In humans, the main cause is genetic drift. Serial founder effects and past small population size (increasing the likelihood of genetic drift) may have had an important influence in neutral differences between populations. The second main cause of genetic variation is due to the high degree of neutrality of most mutations. A small, but significant number of genes appear to have undergone recent natural selection, and these selective pressures are sometimes specific to one region.

Measures of variation

Genetic variation among humans occurs on many scales, from gross alterations in the human karyotype to single nucleotide changes. Chromosome abnormalities are detected in 1 of 160 live human births. Apart from sex chromosome disorders, most cases of aneuploidy result in death of the developing fetus (miscarriage); the most common extra autosomal chromosomes among live births are 21, 18 and 13.

Nucleotide diversity is the average proportion of nucleotides that differ between two individuals. As of 2004, the human nucleotide diversity was estimated to be 0.1% to 0.4% of base pairs.
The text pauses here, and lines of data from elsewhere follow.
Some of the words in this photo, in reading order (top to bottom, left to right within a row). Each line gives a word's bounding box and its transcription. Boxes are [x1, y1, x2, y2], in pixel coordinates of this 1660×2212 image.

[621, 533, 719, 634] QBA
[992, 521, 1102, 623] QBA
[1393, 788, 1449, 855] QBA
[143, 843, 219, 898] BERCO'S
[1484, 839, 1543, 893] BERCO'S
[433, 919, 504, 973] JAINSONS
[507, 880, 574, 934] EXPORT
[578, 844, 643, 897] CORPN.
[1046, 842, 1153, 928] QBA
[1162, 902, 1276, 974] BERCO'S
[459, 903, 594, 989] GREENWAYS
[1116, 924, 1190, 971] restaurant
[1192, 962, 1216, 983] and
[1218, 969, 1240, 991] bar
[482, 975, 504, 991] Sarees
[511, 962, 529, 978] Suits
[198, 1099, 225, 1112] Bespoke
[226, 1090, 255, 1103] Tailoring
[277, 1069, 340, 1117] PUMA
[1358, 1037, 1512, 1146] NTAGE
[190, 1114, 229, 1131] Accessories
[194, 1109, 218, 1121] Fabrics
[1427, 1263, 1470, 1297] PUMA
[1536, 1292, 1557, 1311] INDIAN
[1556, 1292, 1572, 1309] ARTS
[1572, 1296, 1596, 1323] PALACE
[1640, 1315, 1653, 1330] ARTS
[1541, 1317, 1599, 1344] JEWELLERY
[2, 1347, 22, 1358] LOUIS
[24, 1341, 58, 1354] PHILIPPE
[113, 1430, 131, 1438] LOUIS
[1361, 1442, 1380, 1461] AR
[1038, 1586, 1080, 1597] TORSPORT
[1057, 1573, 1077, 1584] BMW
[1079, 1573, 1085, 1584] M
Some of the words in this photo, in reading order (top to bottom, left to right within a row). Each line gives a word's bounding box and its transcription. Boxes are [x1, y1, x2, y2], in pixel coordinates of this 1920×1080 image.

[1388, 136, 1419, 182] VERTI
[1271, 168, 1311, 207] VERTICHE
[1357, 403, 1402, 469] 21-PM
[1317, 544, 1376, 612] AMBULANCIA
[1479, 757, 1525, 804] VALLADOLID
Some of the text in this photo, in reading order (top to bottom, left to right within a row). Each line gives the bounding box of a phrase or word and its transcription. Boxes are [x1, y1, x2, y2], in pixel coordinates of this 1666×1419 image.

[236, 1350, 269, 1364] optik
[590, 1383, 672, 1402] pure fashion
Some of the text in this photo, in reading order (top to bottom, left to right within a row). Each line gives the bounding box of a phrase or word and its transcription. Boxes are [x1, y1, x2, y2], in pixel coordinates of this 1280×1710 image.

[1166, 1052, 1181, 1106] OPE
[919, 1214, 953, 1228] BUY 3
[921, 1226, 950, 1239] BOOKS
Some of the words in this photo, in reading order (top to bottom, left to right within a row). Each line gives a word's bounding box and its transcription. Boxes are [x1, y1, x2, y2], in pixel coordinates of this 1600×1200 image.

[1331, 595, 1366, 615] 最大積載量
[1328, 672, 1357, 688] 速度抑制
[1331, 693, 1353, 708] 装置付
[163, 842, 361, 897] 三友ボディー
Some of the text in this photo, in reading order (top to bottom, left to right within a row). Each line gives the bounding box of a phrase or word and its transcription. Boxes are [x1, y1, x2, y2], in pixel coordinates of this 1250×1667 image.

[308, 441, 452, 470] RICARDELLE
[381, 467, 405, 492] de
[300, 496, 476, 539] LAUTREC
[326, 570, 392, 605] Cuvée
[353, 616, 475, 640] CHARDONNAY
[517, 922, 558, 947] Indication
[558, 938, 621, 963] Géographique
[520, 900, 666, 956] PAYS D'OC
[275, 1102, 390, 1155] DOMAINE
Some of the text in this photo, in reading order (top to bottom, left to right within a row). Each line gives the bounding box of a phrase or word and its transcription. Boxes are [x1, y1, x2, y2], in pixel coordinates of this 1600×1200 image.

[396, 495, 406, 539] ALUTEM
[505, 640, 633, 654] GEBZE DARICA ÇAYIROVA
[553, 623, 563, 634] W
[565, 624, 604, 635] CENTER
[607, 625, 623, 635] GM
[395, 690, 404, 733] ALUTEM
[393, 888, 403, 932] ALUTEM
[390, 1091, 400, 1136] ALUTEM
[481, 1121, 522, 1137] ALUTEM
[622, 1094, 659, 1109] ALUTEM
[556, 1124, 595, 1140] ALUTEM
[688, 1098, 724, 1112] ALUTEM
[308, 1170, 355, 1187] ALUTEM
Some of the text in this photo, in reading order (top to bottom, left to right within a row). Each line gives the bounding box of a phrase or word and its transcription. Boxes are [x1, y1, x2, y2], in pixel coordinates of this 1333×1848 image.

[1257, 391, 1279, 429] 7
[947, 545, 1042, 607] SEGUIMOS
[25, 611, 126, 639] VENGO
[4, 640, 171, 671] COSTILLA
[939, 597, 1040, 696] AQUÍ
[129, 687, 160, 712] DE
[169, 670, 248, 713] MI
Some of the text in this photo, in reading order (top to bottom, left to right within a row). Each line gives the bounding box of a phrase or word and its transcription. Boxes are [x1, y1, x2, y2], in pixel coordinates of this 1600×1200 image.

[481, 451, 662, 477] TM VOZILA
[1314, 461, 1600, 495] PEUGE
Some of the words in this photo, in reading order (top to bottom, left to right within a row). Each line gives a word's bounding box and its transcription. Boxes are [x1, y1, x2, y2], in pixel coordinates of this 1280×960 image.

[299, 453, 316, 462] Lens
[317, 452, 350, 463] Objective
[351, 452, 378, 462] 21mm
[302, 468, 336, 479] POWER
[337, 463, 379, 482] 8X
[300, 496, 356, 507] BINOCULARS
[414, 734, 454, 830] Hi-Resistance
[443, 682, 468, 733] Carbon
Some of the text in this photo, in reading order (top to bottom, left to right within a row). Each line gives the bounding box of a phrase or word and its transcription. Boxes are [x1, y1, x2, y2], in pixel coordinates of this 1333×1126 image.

In 2015, the 1000 Genomes Project, which sequenced one thousand individuals from 26 human populations, found that "a typical [individual] genome differs from the reference human genome at 4.1 million to 5.0 million sites … affecting 20 million bases of sequence"; the latter figure corresponds to 0.6% of total number of base pairs. Nearly all (>99.9%) of these sites are small differences, either single nucleotide polymorphisms or brief insertions or deletions (indels) in the genetic sequence, but structural variations account for a greater number of base-pairs than the SNPs and indels.

As of 2017, the Single Nucleotide Polymorphism Database (dbSNP), which lists SNP and other variants, listed 324 million variants found in sequenced human genomes.

Single nucleotide polymorphisms

DNA molecule 1 differs from DNA molecule 2 at a single base-pair location (a C/T polymorphism).

A single nucleotide polymorphism (SNP) is a difference in a single nucleotide between members of one species that occurs in at least 1% of the population. The 2,504 individuals characterized by the 1000 Genomes Project had 84.7 million SNPs among them. SNPs are the most common type of sequence variation, estimated in 1998 to account for 90% of all sequence variants. Other sequence variations are single base exchanges, deletions and insertions. SNPs occur on average about every 100 to 300 bases and so are the major source of heterogeneity.

A functional, or non-synonymous, SNP is one that affects some factor such as gene splicing or messenger RNA, and so causes a phenotypic difference between members of the species. About 3% to 5% of human SNPs are functional (see International HapMap Project). Neutral, or synonymous SNPs are still useful as genetic markers in genome-wide association studies, because of their sheer number and the stable inheritance over generations.

A coding SNP is one that occurs inside a gene. There are 105 Human Reference SNPs that result in premature stop codons in 103 genes. This corresponds to 0.5% of coding SNPs. They occur due to segmental duplication in the genome. These SNPs result in loss of protein, yet all these SNP alleles are common and are not purified in negative selection.

Structural variation

Structural variation is the variation in structure of an organism's chromosome. Structural variations, such as copy-number variation and deletions, inversions, insertions and duplications, account for much more human genetic variation than single nucleotide diversity. This was concluded in 2007 from analysis of the diploid full sequences of the genomes of two humans: Craig Venter and James D. Watson. This added to the two haploid sequences which were amalgamations of sequences from many individuals, published by the Human Genome Project and Celera Genomics respectively.

According to the 1000 Genomes Project, a typical human has 2,100 to 2,500 structural variations, which include approximately 1,000 large deletions, 160 copy-number variants, 915 Alu insertions, 128 L1 insertions, 51 SVA insertions, 4 NUMTs, and 10 inversions.

Copy number variation

A copy-number variation (CNV) is a difference in the genome due to deleting or duplicating large regions of DNA on some chromosome. It is estimated that 0.4% of the genomes of unrelated humans differ with respect to copy number. When copy number variation is included, human-to-human genetic variation is estimated to be at least 0.5% (99.5% similarity). Copy number variations are inherited but can also arise during development.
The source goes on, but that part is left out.